## What this task involves:
Could you retype exactly the line containing "this 1600×1200 image." and every line after it in the data below, leaving out the pictures?

(Referring expression grounding data)

────────────────

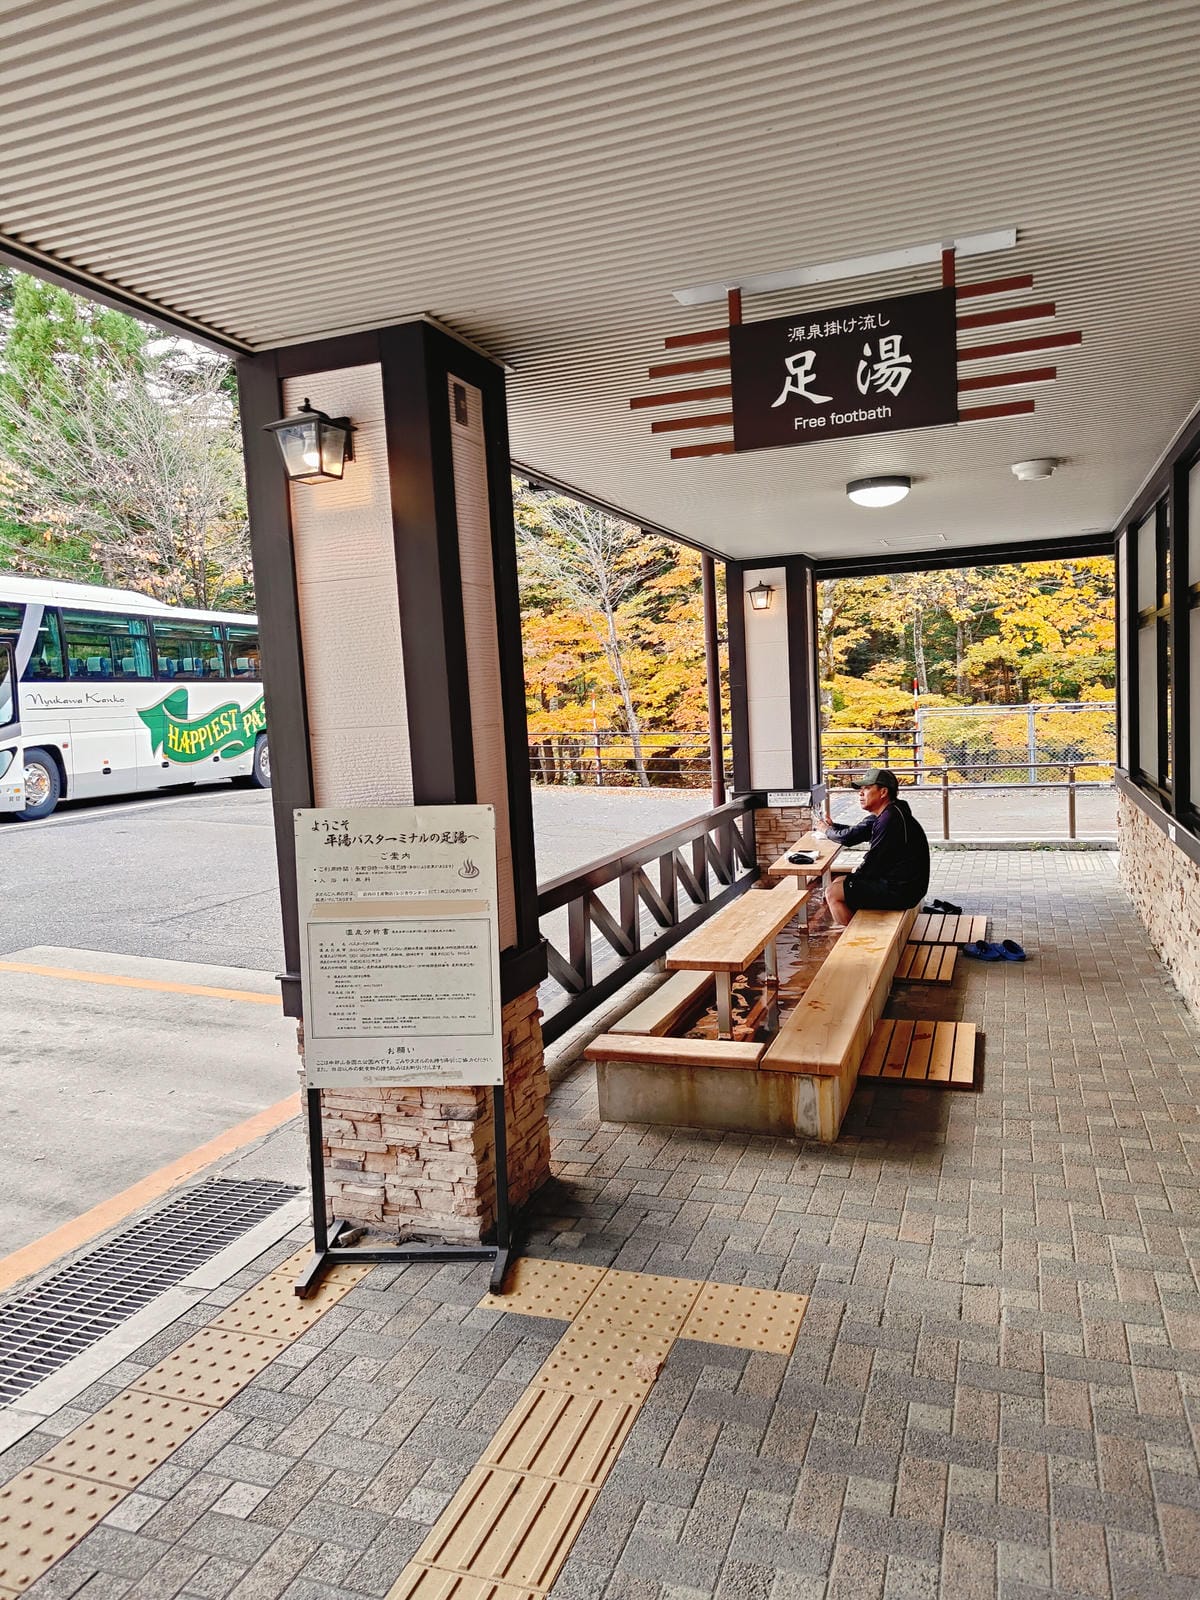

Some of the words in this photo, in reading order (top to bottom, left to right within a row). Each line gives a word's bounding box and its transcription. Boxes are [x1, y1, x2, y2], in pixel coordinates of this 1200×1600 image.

[787, 312, 891, 343] 源泉掛け流し
[770, 334, 913, 408] 足湯
[794, 415, 826, 430] Free
[830, 405, 892, 425] footbath
[85, 692, 126, 704] Kanko
[168, 709, 238, 754] HAPPIEST
[311, 819, 350, 832] ようこそ
[324, 831, 479, 848] 平湯バスターミナルの足湯へ
[379, 851, 411, 861] ご案内
[387, 1046, 415, 1055] お願い
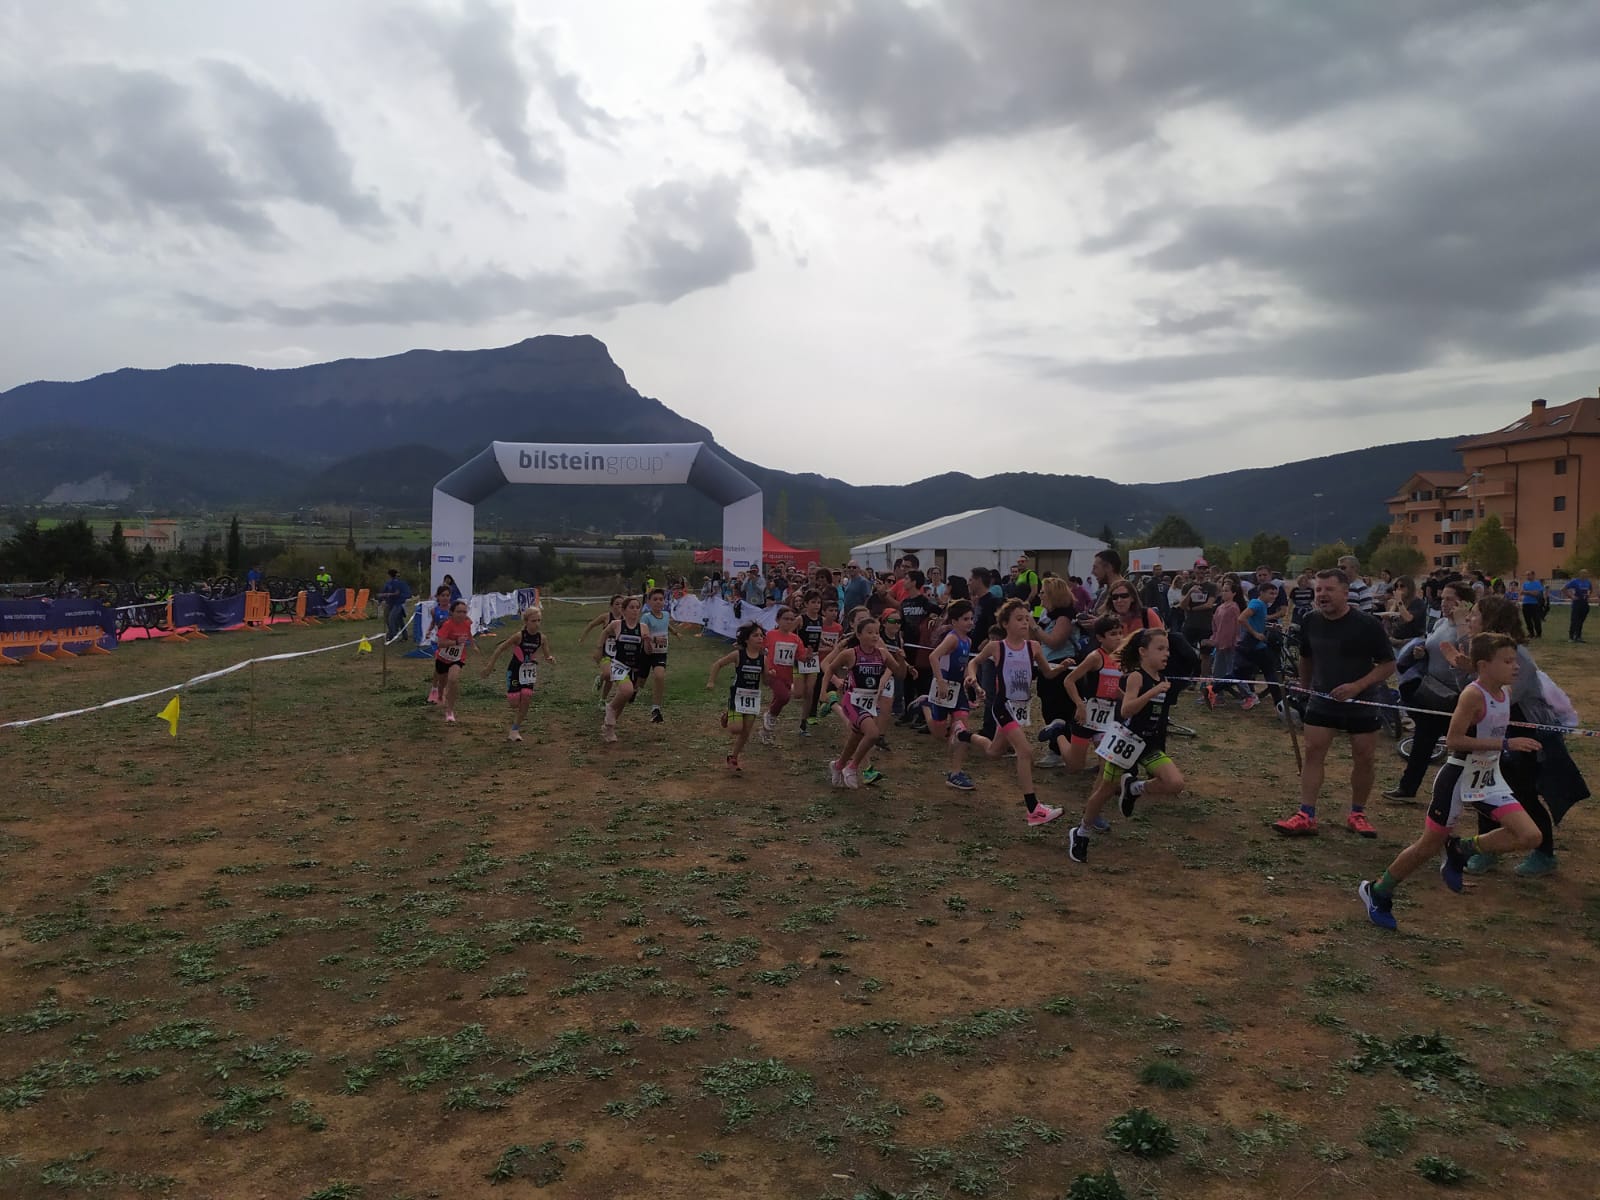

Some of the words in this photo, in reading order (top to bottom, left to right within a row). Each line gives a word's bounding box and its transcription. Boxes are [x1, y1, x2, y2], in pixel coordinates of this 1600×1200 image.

[740, 696, 755, 708] 191
[855, 697, 874, 710] 176
[1107, 735, 1136, 759] 188
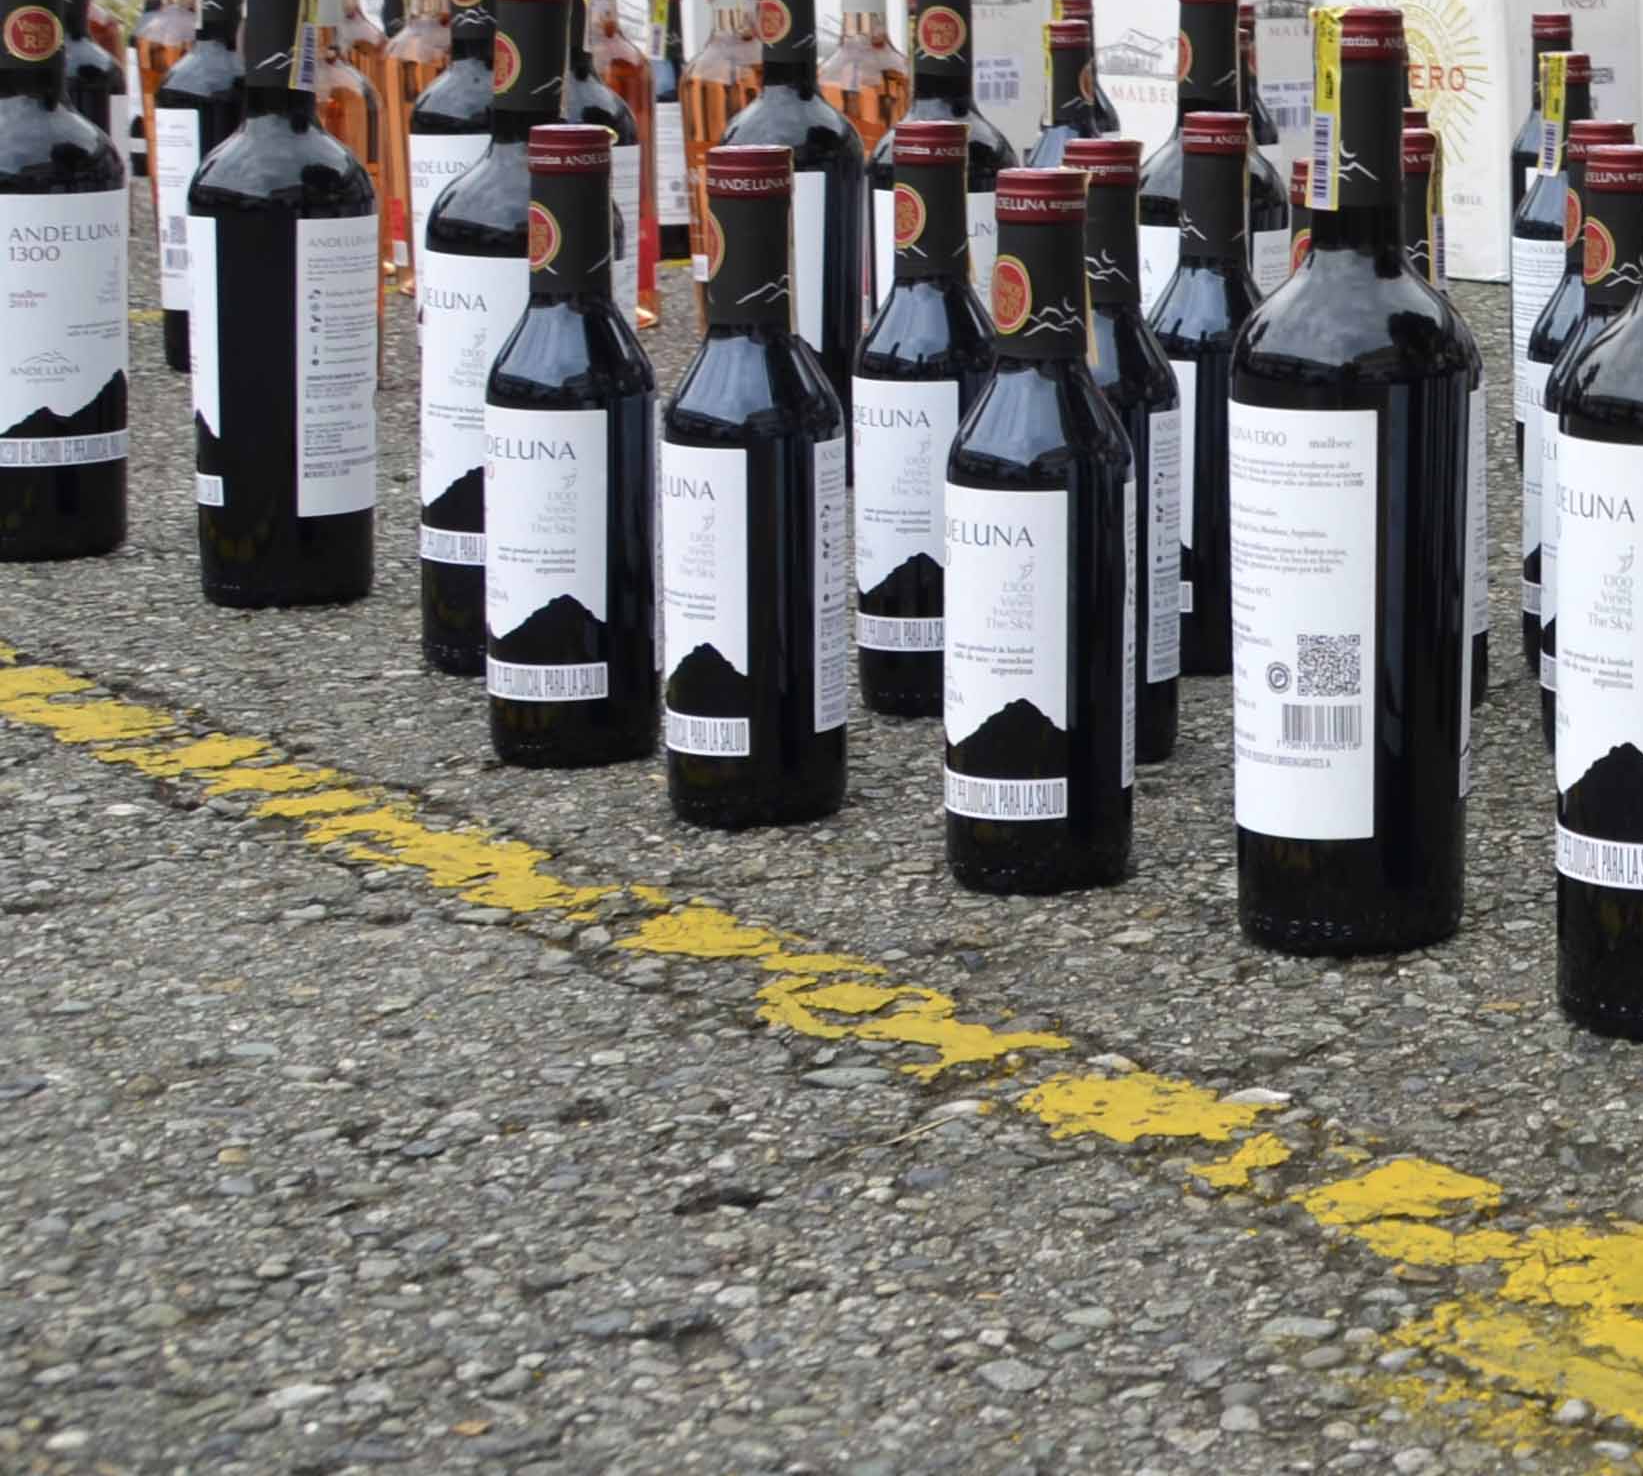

────────────────

## The completed task:
Some of the words in this photo, in reading order (top to bottom, left to right within a row). Each line gives a word's bounding box and its transcription. Boxes are [x1, y1, x2, y2], in pixel coordinates of this 1600×1200 image.

[740, 696, 755, 708] 191
[855, 697, 874, 710] 176
[1107, 735, 1136, 759] 188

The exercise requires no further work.